Core Concepts
DimVis employs an Explainable Boosting Machine (EBM) model to provide interpretations of visual clusters in dimensionality reduction projections, enabling users to gain insights into the underlying factors that influence cluster formation.
Abstract
The paper presents DimVis, a visualization tool that uses a supervised Explainable Boosting Machine (EBM) model to interpret dimensionality reduction (DR) projections, such as those generated by UMAP. DimVis allows users to interactively explore visual patterns (clusters, shapes, etc.) in DR layouts and gain insights into the factors that influence the formation of these patterns.
The key components of DimVis include:
A UMAP projection of the dataset, with the ability to adjust UMAP hyperparameters.
A panel for selecting a dataset and adjusting UMAP parameters.
Performance metrics related to the underlying EBM model that supports the visual exploration.
A ranking of single and pairwise features that contribute to the separation between the user-selected data points and the rest of the dataset, based on the EBM model's feature importance.
Visualizations, such as line plots and histograms, that allow users to explore the impact of individual features or feature pairs on the cluster formation.
The paper demonstrates the applicability and effectiveness of DimVis through a use case with the Breast Cancer Wisconsin (Original) dataset and a usage scenario in the healthcare domain using the Pima Indian diabetes dataset. The results show that DimVis can provide valuable insights into the underlying factors that influence the formation of visual clusters in DR projections, even in the absence of ground truth labels.
The paper also discusses the design choices, limitations, and potential future directions for DimVis, such as objective comparisons to other similar tools, refinements to the user experience based on expert feedback, and improvements to the computational efficiency of the underlying algorithms.
Stats
The number of bare nuclei is the most important single feature for the formation of cluster C1.
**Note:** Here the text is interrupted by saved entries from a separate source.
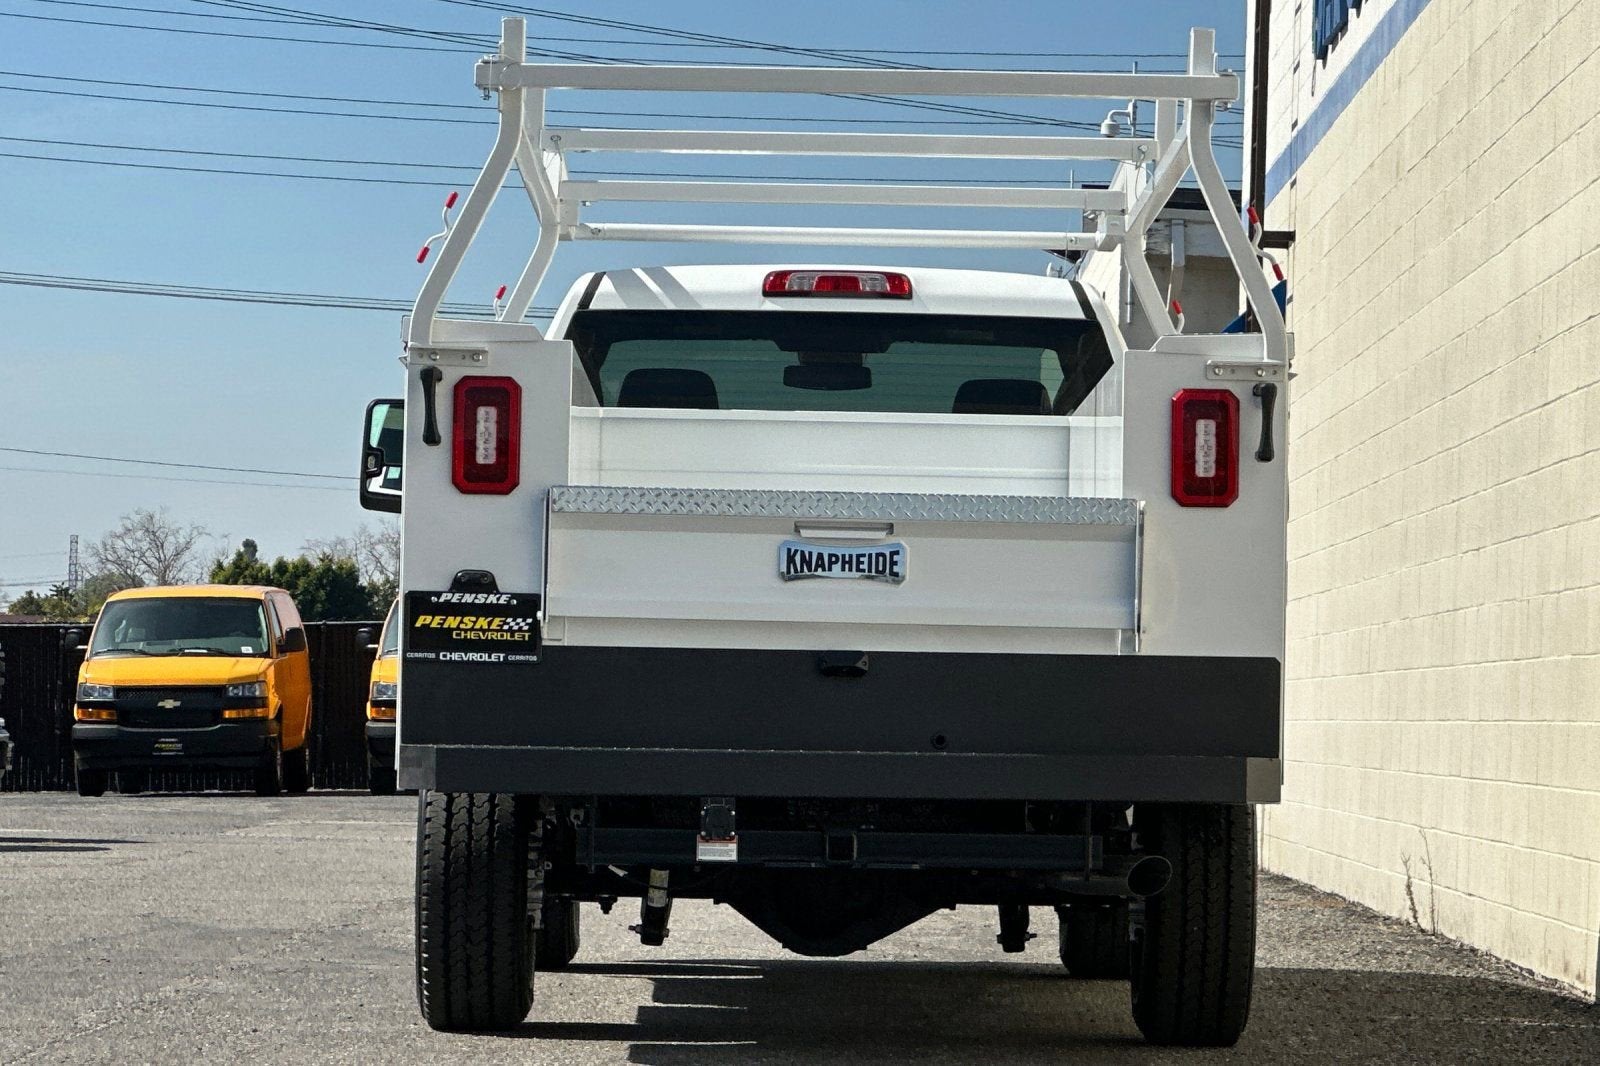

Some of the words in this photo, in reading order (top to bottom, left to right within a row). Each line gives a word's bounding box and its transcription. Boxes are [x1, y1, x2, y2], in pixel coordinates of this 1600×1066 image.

[785, 547, 900, 577] KNAPHEIDE
[439, 592, 511, 604] PENSKE
[414, 615, 505, 630] PENSKE
[452, 630, 531, 641] CHEVROLET
[439, 651, 505, 662] CHEVROLET
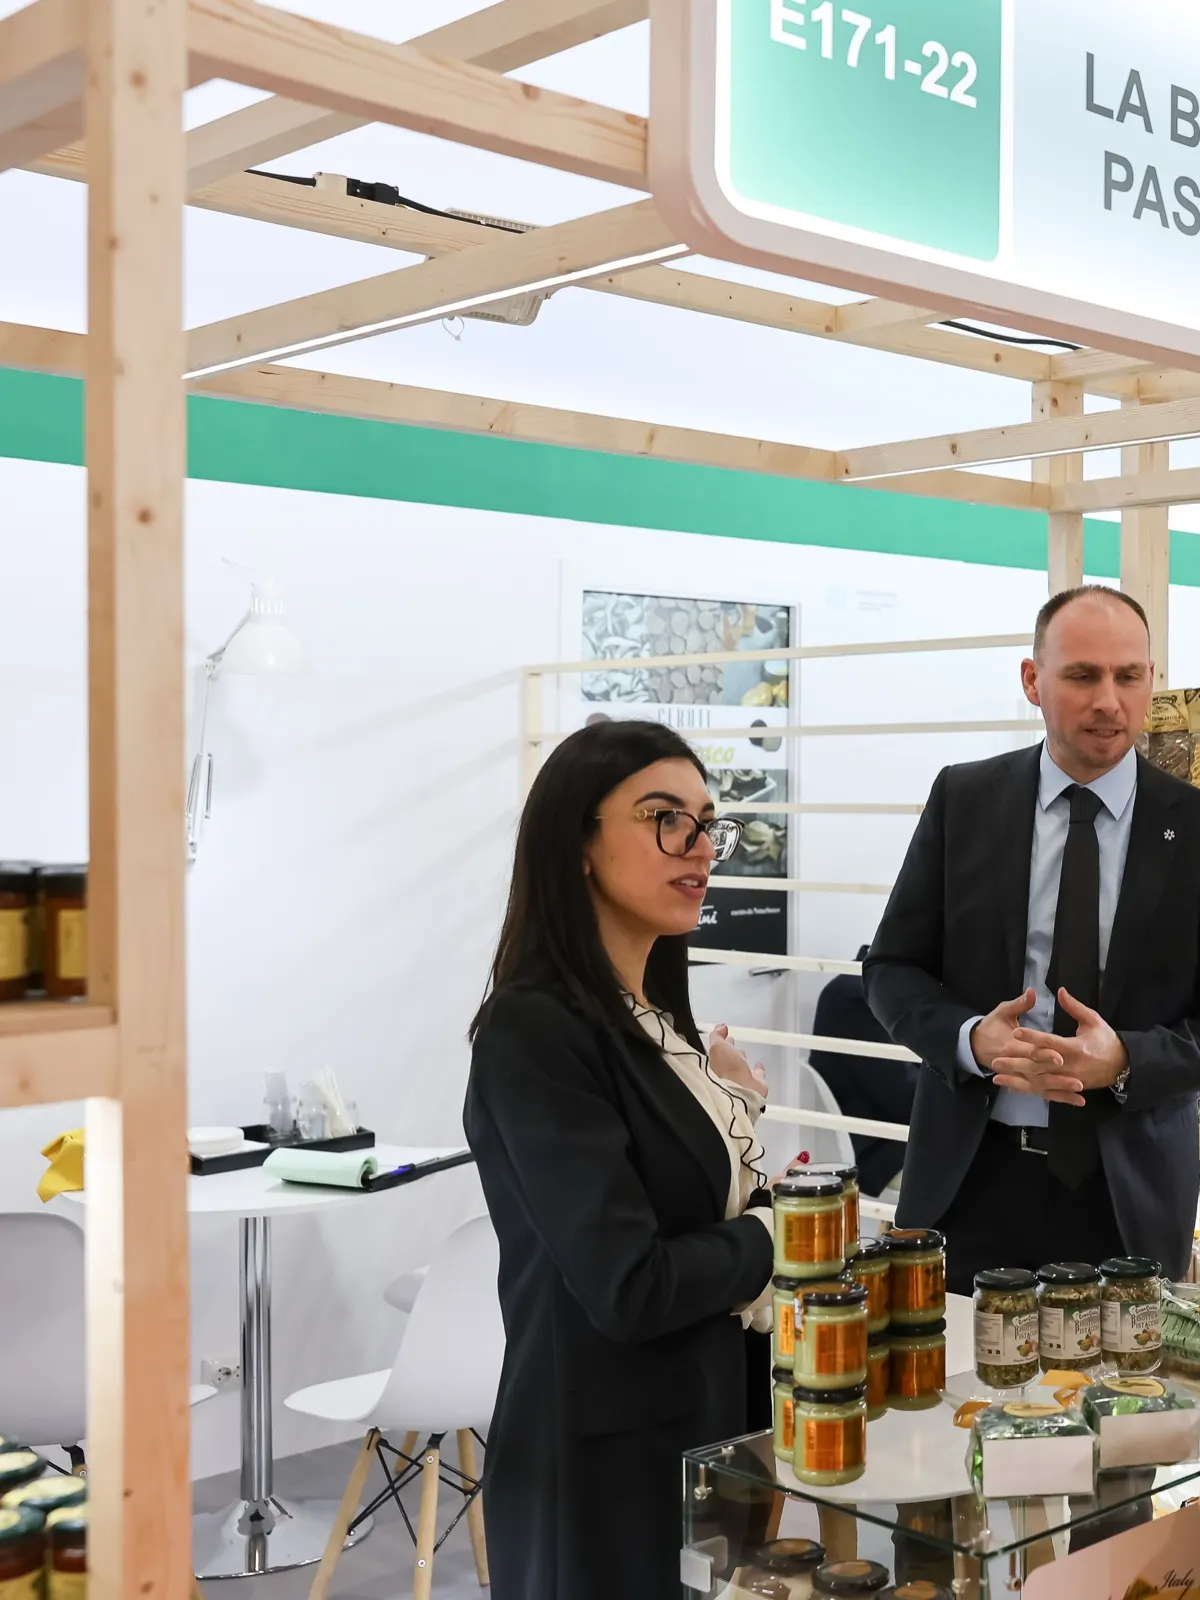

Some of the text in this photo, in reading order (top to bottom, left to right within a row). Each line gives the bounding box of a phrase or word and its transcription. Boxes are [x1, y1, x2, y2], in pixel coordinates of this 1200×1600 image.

[770, 0, 977, 108] E171-22
[1085, 51, 1154, 134] LA
[1160, 1567, 1195, 1600] Italy
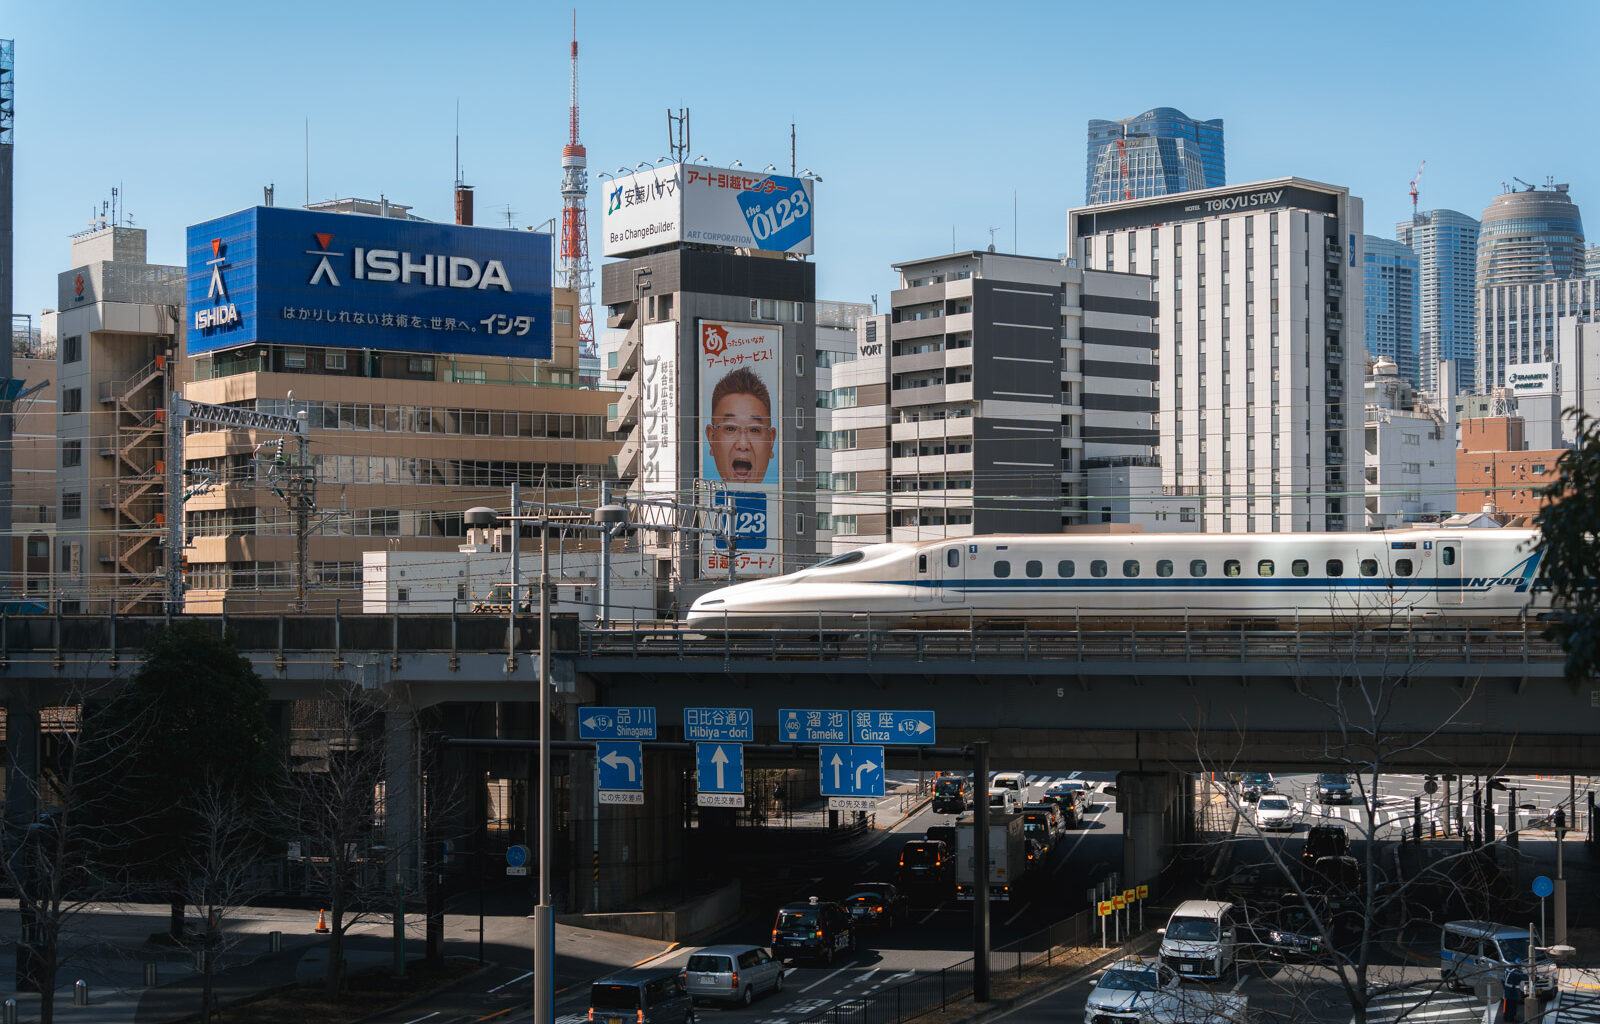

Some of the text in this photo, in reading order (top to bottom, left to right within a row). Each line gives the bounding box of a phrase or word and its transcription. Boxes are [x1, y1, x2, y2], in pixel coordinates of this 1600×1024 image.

[687, 170, 788, 194] アート引越センター
[624, 178, 676, 208] 安藤ハザマ
[1204, 194, 1249, 212] TOKYU
[1250, 189, 1284, 206] STAY
[745, 204, 761, 218] the
[751, 189, 810, 240] 0123
[610, 220, 676, 243] Be a ChangeBuilder.
[686, 230, 752, 244] ART CORPORATION
[354, 247, 513, 292] ISHIDA
[195, 302, 238, 330] ISHIDA
[860, 343, 883, 357] VORT
[706, 348, 773, 369] アートのサービス!
[661, 361, 669, 448] 総合広告代理店
[1057, 687, 1064, 697] 5
[598, 717, 607, 726] 15
[617, 708, 652, 724] 品川
[687, 709, 749, 726] 日比谷通り
[806, 711, 843, 728] 溜池
[856, 712, 894, 728] 銀座
[616, 725, 653, 738] Shinagawa
[787, 721, 799, 730] 405
[903, 721, 914, 731] 15
[689, 726, 748, 740] Hibiya-dori
[806, 728, 844, 741] Tameike
[860, 728, 890, 741] Ginza
[600, 793, 643, 803] この先交差点
[699, 795, 743, 806] この先交差点
[830, 799, 877, 809] この先交差点
The clump thickness is the most important single feature for the formation of cluster C2.
The combination of uniformity of cell size and bland chromatin is the most important feature pair for the formation of cluster C3.
Quotes
"DimVis uses the state-of-the-art, supervised 'glass-box' EBM model to interpret visualizations generated with unsupervised DR techniques."
"DIMVIS utilizes the UMAP algorithm and users can interactively adjust UMAP's hyperparameters – 'Number of Neighbors' and 'Minimum Distance' – to explore different projections."
"When a user clicks on a single feature in the bar chart, a line plot and a histogram appear, displaying the impact of that specific feature on the model's predictions."